Decía Simone
de Beauvoir que, en la mayoría de las
culturas, las mujeres están acostumbradas
a asumir el "papel del otro", a "empatizar",
a adaptarse a las necesidades o a las circunstancias.
Mientras que muchos hombres que llegan a los países
de acogida viven este cambio como traumático
por ver peligrar los privilegios o el poder social
del que gozaban en su lugar de origen, las mujeres
están más capacitadas para adaptarse
a su nuevo entorno y consecuentemente, si se les
brinda la oportunidad de hacerlo, aprenderán
con más facilidad.
La
mayor disposición de las mujeres a incorporarse
a la cultura mayoritaria del país de
destino no se hace, sin embargo, sin que experimenten
un sentimiento de identidad dual.
Si
es verdad la aserción que afirma que
somos tantas personas como idiomas hablamos,
podríamos hacer extensivo ese razonamiento
a los países en los que vivimos o hemos
vivido. Nos encontraríamos así
ante una identidad cultural flexible, multicultural
y enriquecedora.
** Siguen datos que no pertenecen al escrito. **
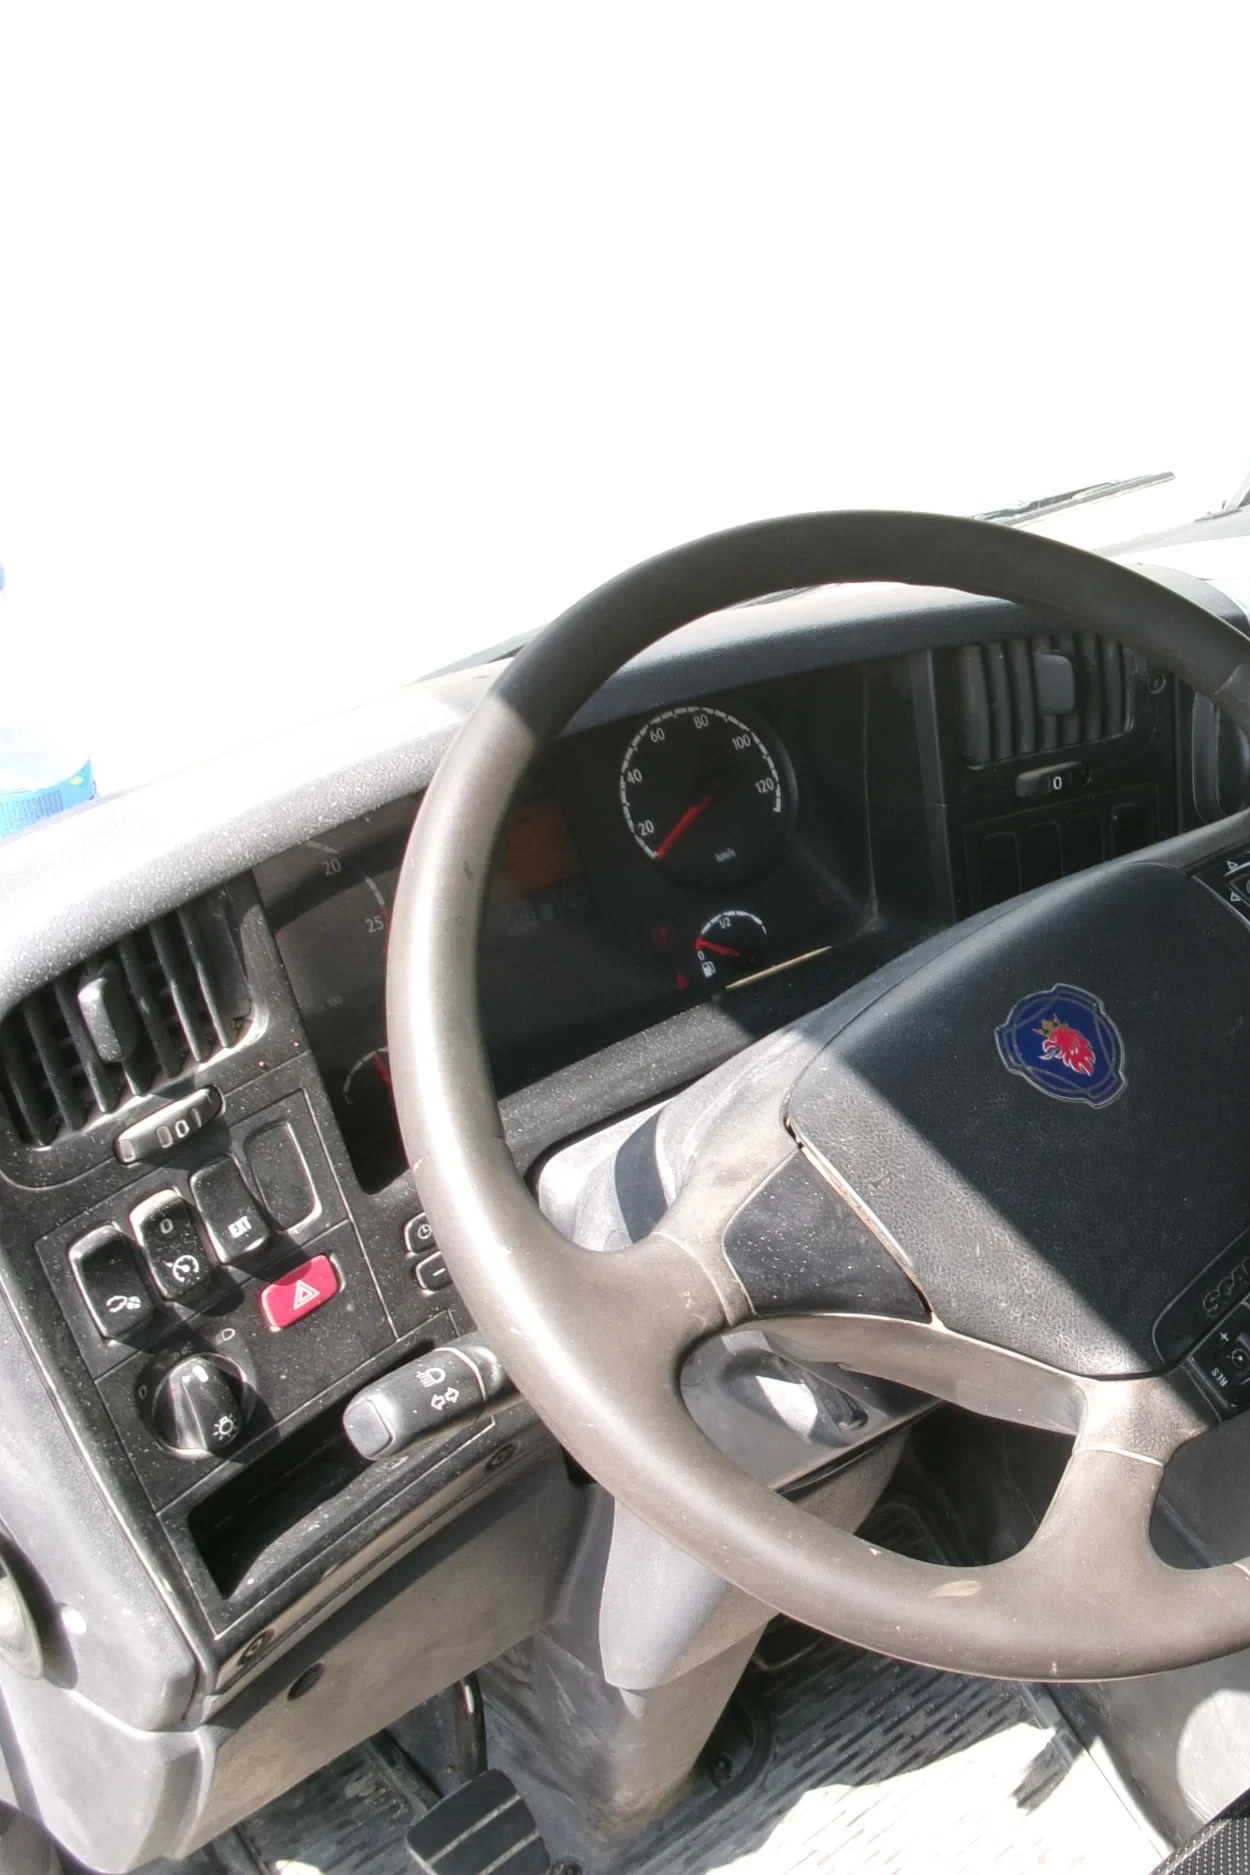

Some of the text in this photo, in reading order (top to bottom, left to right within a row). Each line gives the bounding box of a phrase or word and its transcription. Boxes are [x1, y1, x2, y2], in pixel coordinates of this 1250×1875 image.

[693, 713, 709, 729] 80
[650, 727, 666, 743] 60
[732, 734, 751, 750] 100
[627, 768, 643, 783] 40
[755, 777, 774, 793] 120
[638, 820, 654, 836] 20
[322, 858, 341, 876] 20
[365, 915, 384, 933] 25
[1211, 1367, 1229, 1387] RES
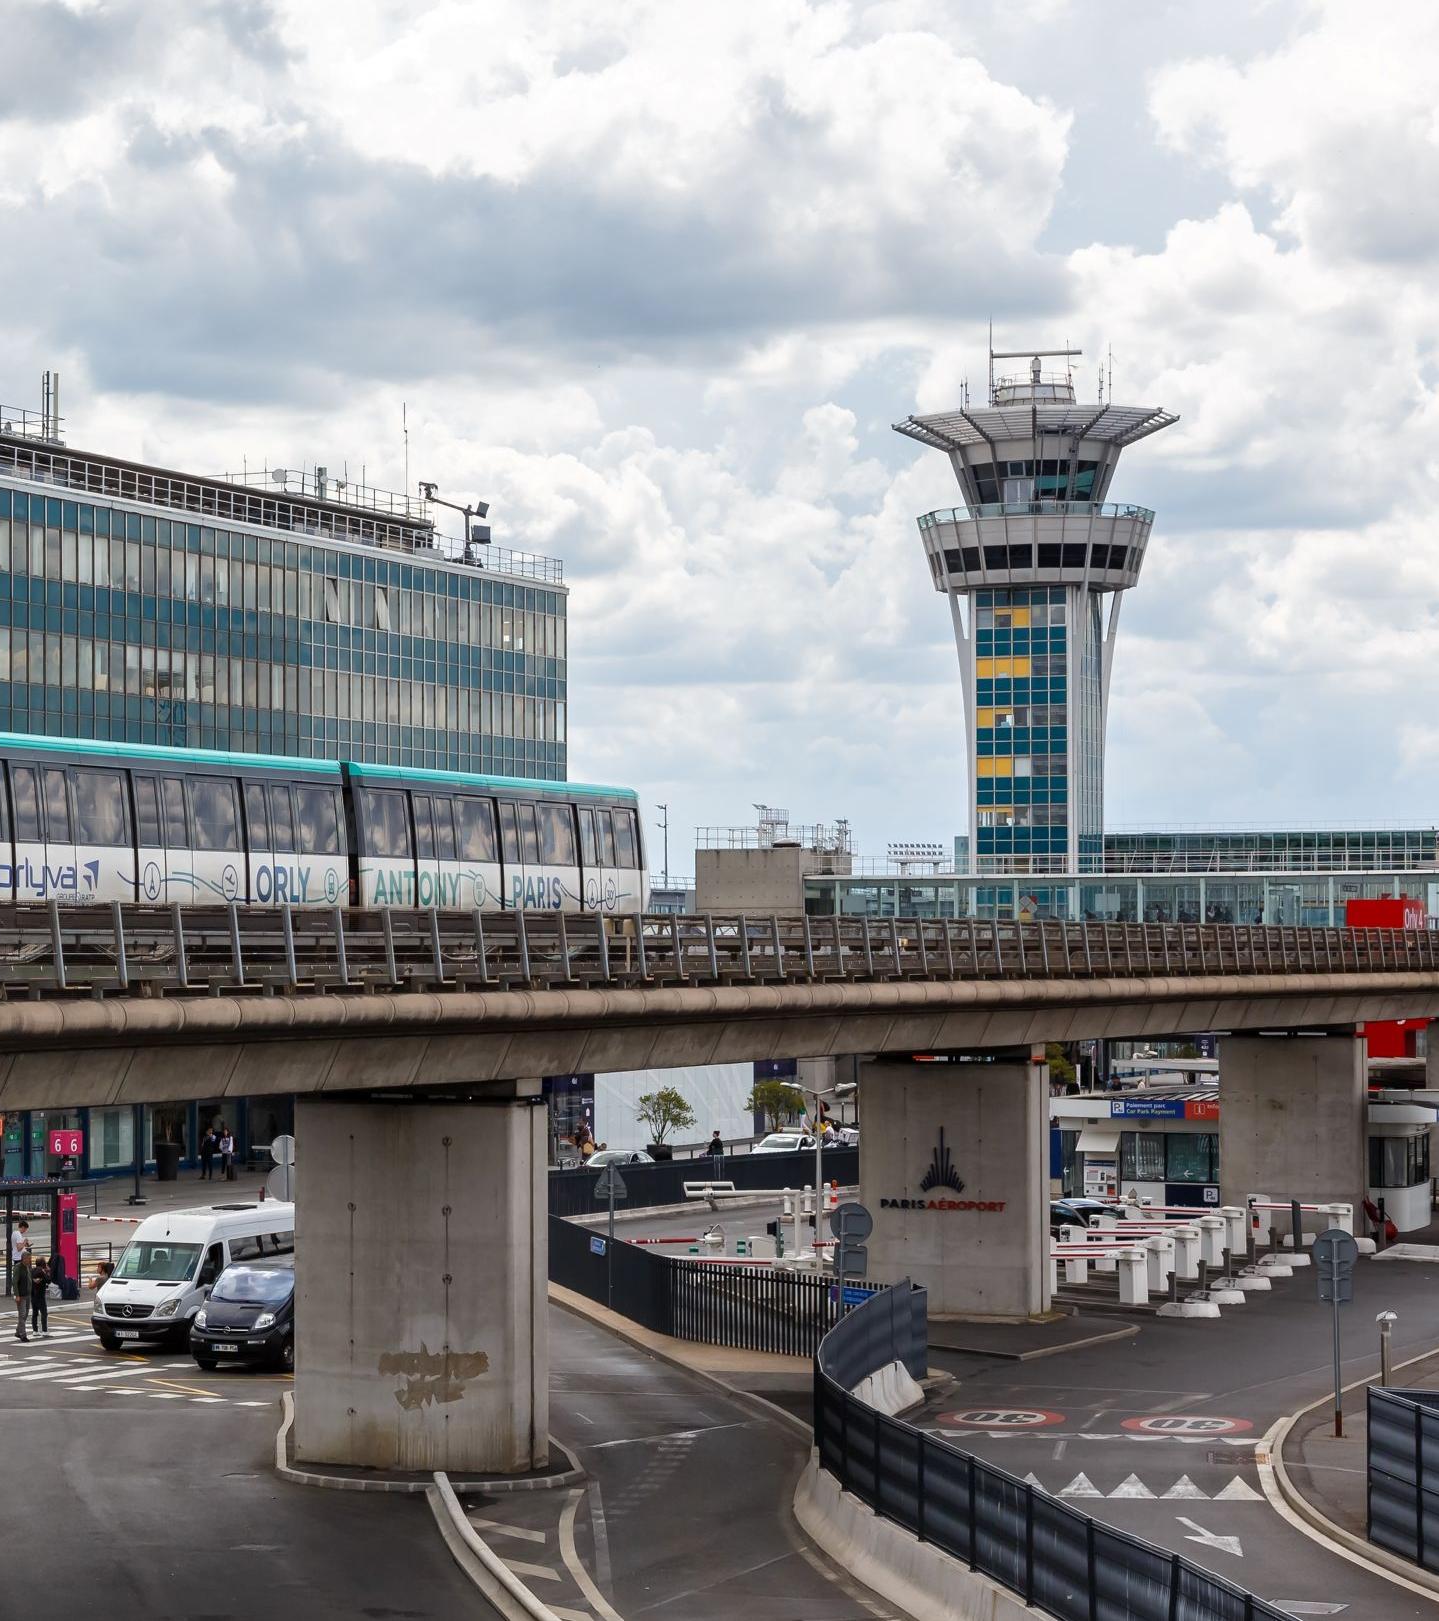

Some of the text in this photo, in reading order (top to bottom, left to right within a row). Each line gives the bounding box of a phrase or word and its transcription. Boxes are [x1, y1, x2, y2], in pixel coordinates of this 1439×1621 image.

[256, 865, 310, 903] ORLY
[373, 869, 460, 907] ANTONY
[512, 875, 561, 909] PARIS
[54, 1138, 62, 1152] 6
[70, 1138, 78, 1152] 6
[880, 1197, 1006, 1212] PARIS AÉROPORT
Las personas que hemos cambiado
de país por una razón u otra y
nos hemos establecido en lugares distintos a
nuestros lugares de origen, hemos experimentado
un proceso de transculturación.
Parafraseando
en clave de humor a Francisco Gavilán
en su Guía de malas costumbres españolas,
la persona que llega a España - o a cualquier
país de destino-, experimenta un proceso
de fascinación, por el que se queda deslumbrada,
luego de desesperación en el que se siente
más extranjera que nunca y al final,
de hispanización - o de valoración-
que es cuando estima objetivamente las virtudes
y los defectos del país en comparación
con el suyo. Extrapolar esta valoración
a la percepción que pueda tener una mujer
inmigrante es sin duda muy atrevido, sin embargo
en la formación de su nueva identidad
dual, intervendrán probablemente alguno
de esos factores.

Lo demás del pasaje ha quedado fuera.